- Task statement
Quote every line below exactly and skip any picture.

- Supplied records
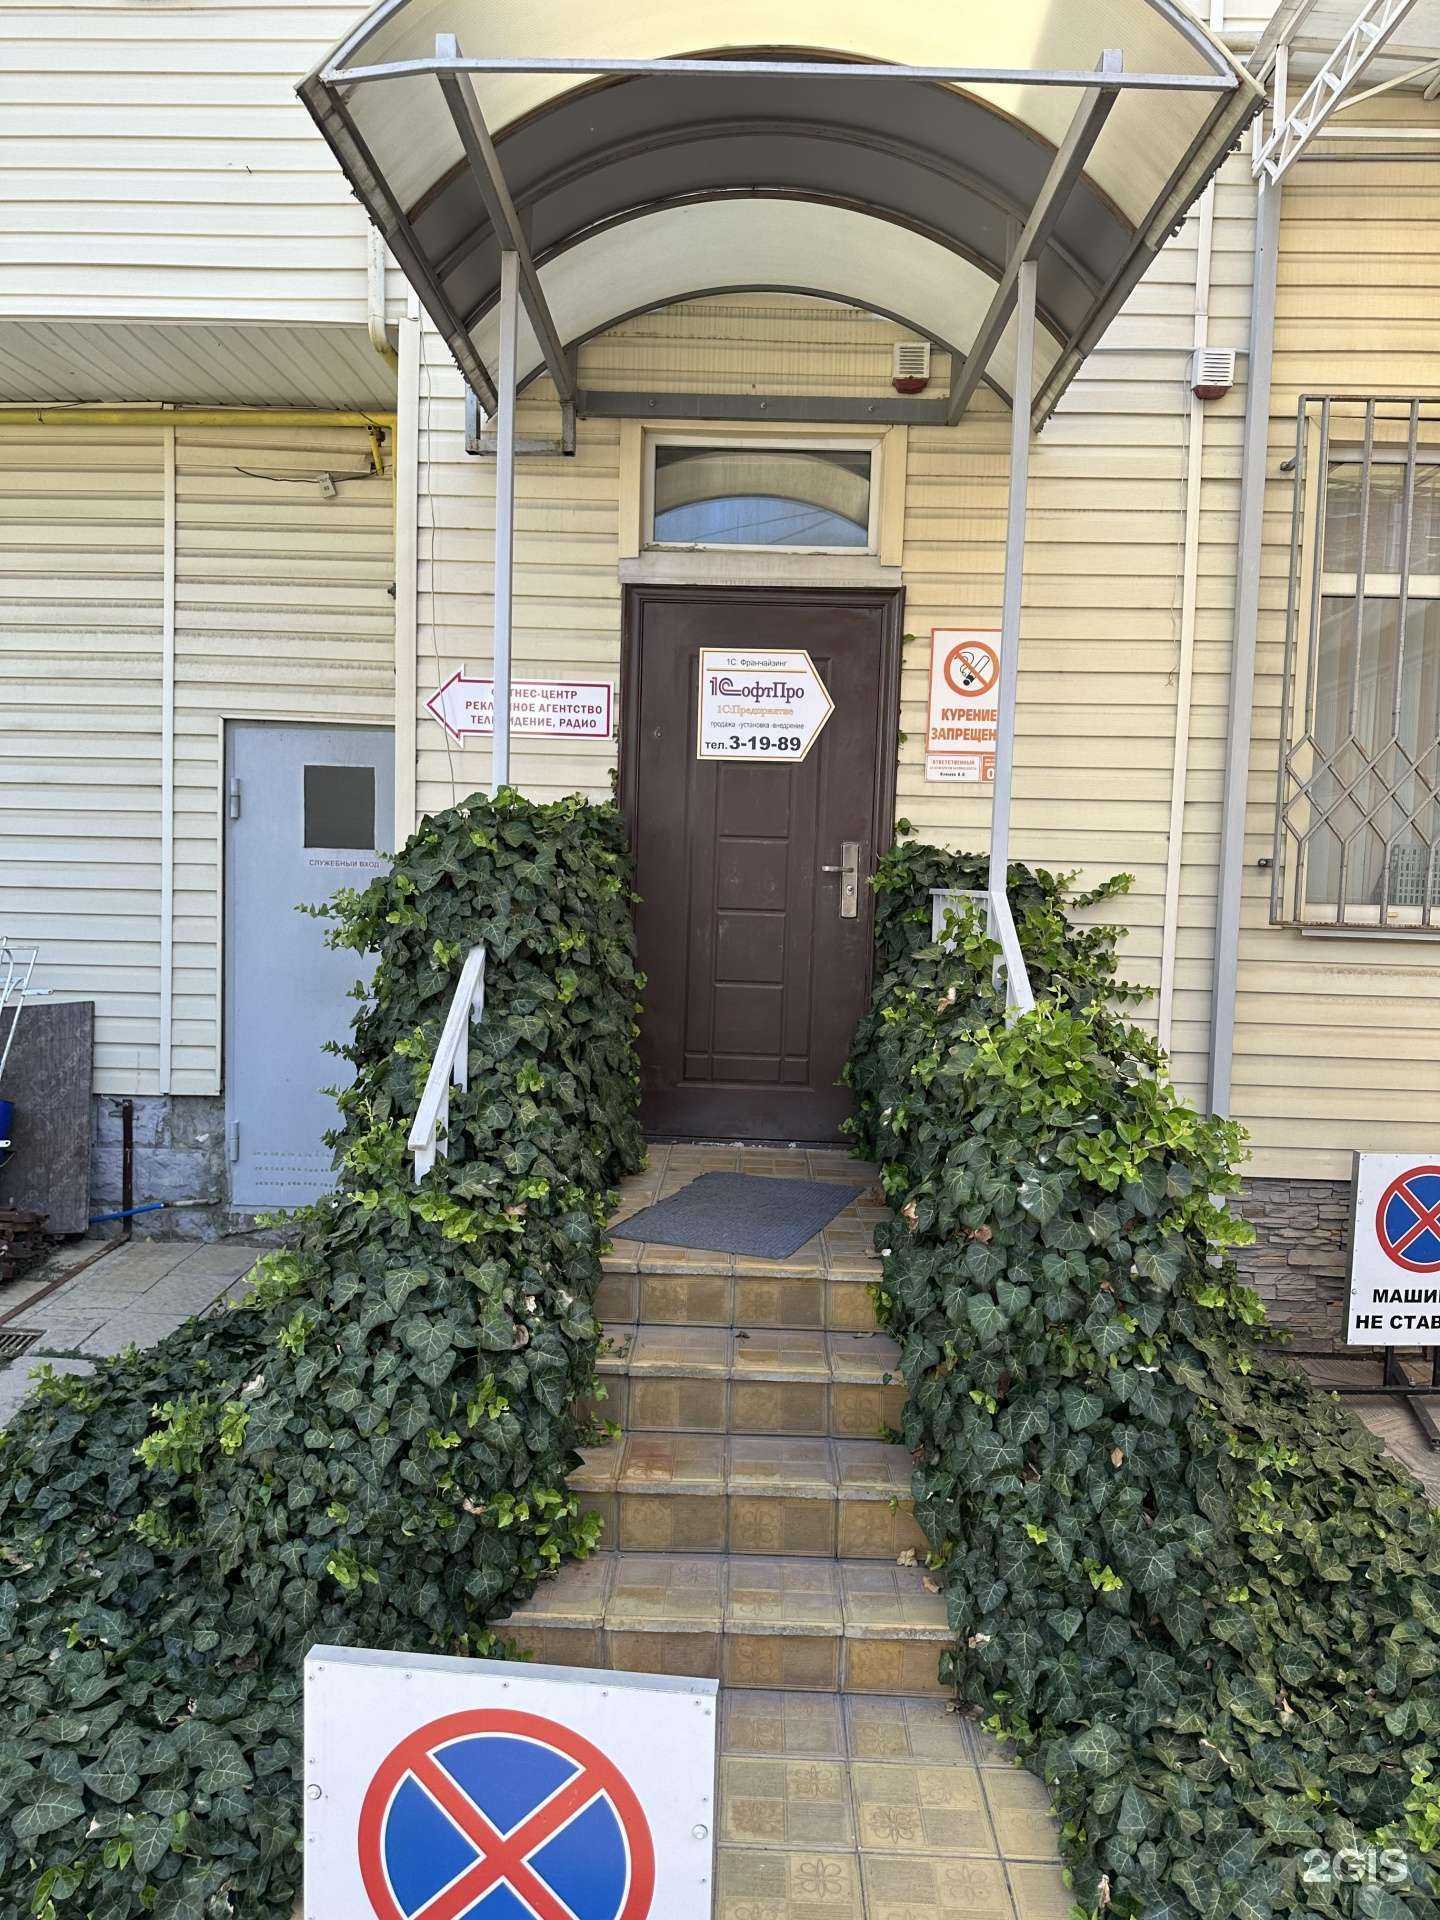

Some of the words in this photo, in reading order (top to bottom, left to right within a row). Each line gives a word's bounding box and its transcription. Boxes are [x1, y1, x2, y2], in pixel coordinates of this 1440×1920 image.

[465, 701, 536, 713] РЕКЛНОЕ
[538, 703, 603, 715] АГЕНТСТВО
[941, 707, 997, 722] КУРЕНИЕ
[559, 718, 598, 729] РАДИО
[705, 740, 728, 751] тел.
[729, 734, 801, 751] 3-19-89
[931, 727, 997, 743] ЗАПРЕЩЕН
[308, 859, 358, 868] СЛУЖЕБНЫЙ
[359, 860, 380, 869] ВХОД
[1373, 1288, 1440, 1303] МАШИ
[1355, 1314, 1383, 1329] НЕ

- Exercise output
Some of the words in this photo, in reading order (top to bottom, left to right within a row). Each line gives a word's bounding box and its transcription. Boxes are [x1, y1, x2, y2], in pixel coordinates of this 1440×1920 image.

[465, 701, 536, 713] РЕКЛНОЕ
[538, 703, 603, 715] АГЕНТСТВО
[941, 707, 997, 722] КУРЕНИЕ
[559, 718, 598, 729] РАДИО
[705, 740, 728, 751] тел.
[729, 734, 801, 751] 3-19-89
[931, 727, 997, 743] ЗАПРЕЩЕН
[308, 859, 358, 868] СЛУЖЕБНЫЙ
[359, 860, 380, 869] ВХОД
[1373, 1288, 1440, 1303] МАШИ
[1355, 1314, 1383, 1329] НЕ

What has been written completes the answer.